Nicole D. Santiago, the recipient of Docomomo US Northern California (NOCA) Chapter’s 2018 Travel Grant for Students & Emerging Professionals, writes about her experience attending the 2018 National Symposium in Columbus.
Championing preservation tends to imply a view oriented toward the past. But after attending the National Symposium in Columbus, I was most inspired by how dynamic and forward thinking Docomomo is. Docomomo was created in the late 1980s as a protective force to shield modern architecture during a time when many architectural marvels were at risk, but the scope of its mission has greatly expanded. Rather than focusing squarely on the past, today Docomomo asks, “Now what?” and this relative state of security is fertile ground for innovation and “progressive preservation.”
My favorite panel, Interpreting Residential Modern, explored how the forward-thinking spirit that defined modernism continues to propel the historical movement into the future through fresh takes on the traditional ‘house museum’ model. The spaces the panelists have worked with aren’t merely time capsules—they’re more like crucibles where old and new combine, creating a bridge over temporal and cultural divides. The first speaker, Jorge Otero-Pailos, had me truly thinking outside of the (glass) box. Otero-Pailos, Director and Professor of Historic Preservation at Columbia University’s Graduate School of Architecture, spoke to us about his project, An Olfactory Reconstruction of the Philip Johnson Glass House, 2008. He conjured elements, such as water damage and cigarette smoke, that we’ve traditionally sought to correct and challenged the audience to consider what it would look like to embrace or even accentuate these qualities. He believes these sensual endeavors are truer to what a space would have been like for those experiencing it during its most lively era.

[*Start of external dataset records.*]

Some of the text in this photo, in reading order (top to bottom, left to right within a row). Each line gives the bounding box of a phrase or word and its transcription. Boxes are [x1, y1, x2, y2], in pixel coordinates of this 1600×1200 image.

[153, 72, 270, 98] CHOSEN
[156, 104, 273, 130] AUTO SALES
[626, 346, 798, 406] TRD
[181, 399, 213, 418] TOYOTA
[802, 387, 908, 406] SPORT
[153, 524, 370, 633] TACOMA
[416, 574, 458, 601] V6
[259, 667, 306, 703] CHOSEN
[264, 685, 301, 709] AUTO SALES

The next panelist was Kevin Adkisson, Collections Fellow at the Cranbrook Center for Collections and Research. He walked us through how different residences-turned-museums on the Cranbrook Center’s campus have become staging grounds for new artistic interventions. By inviting artists to occupy and transform Saarinen House, a residence designed by Eliel Saarinen for his family to live in while Saarinen served as Cranbrook’s first resident architect and the Art Academy’s first president and head of the Architecture Department house, Adkisson’s goal is to “frustrate expectations to incite conversation,” a phrase that stayed with me long after the panel. Adkisson himself has also created more traditional, but nonetheless fresh installations in the Saarinen House. In one exhibit, he set up drafting tables in the studio populated with reproductions of archival material that could be handled and flipped through, such as sketches, plans, and presentation drawings of furniture and buildings, as well as period books, articles, and catalogues by or about the Saarinen family. This staging idea provided visitors an excellent new way to experience the space.

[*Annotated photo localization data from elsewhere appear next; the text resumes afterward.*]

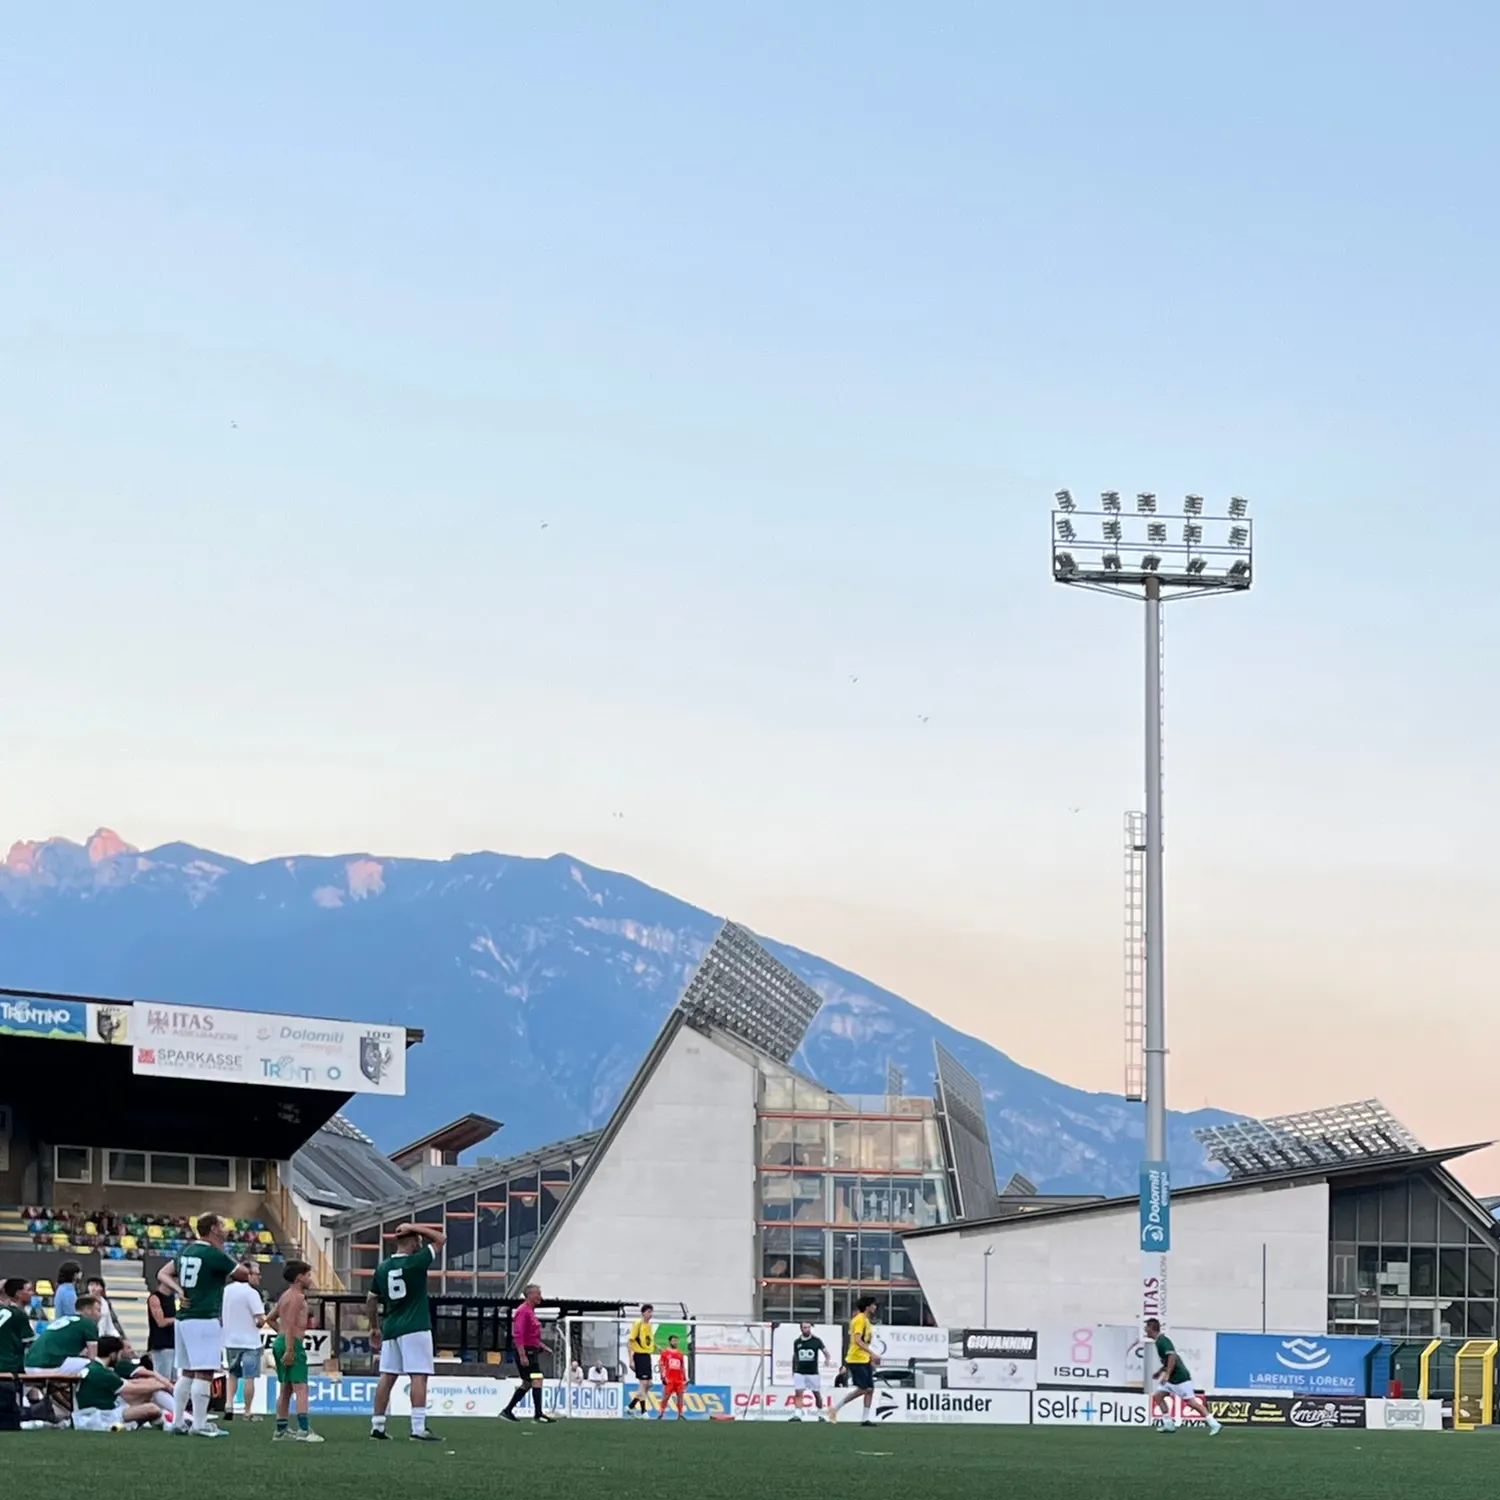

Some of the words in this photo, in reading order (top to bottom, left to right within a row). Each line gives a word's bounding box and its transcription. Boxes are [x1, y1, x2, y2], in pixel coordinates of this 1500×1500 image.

[172, 1012, 214, 1031] ITAS
[280, 1026, 344, 1043] Dolomiti
[158, 1048, 242, 1067] SPARKASSE
[1149, 1169, 1160, 1223] Dolomiti
[180, 1256, 202, 1288] 13
[387, 1268, 407, 1300] 6
[1143, 1277, 1159, 1316] ITAS
[1054, 1366, 1109, 1378] ISOLA
[1249, 1373, 1305, 1385] LARENTIS
[1309, 1375, 1356, 1387] LORENZ
[734, 1393, 777, 1407] CAF
[785, 1395, 832, 1408] ACI
[906, 1393, 993, 1412] Holländer
[1038, 1395, 1080, 1419] Self
[1099, 1401, 1146, 1424] Plus

Oh, and did I mention that the symposium panels took place in amazing spaces?! I’ve never been in so many churches in one weekend, not to mention churches like these. The St. Peter’s Lutheran Church, designed by Gunnar Birkerts, features a sweeping cascade of pews and a harmonious combination of natural light and artificial light, most notably from an eighteen-foot-diameter light fixture suspended below a central skylight.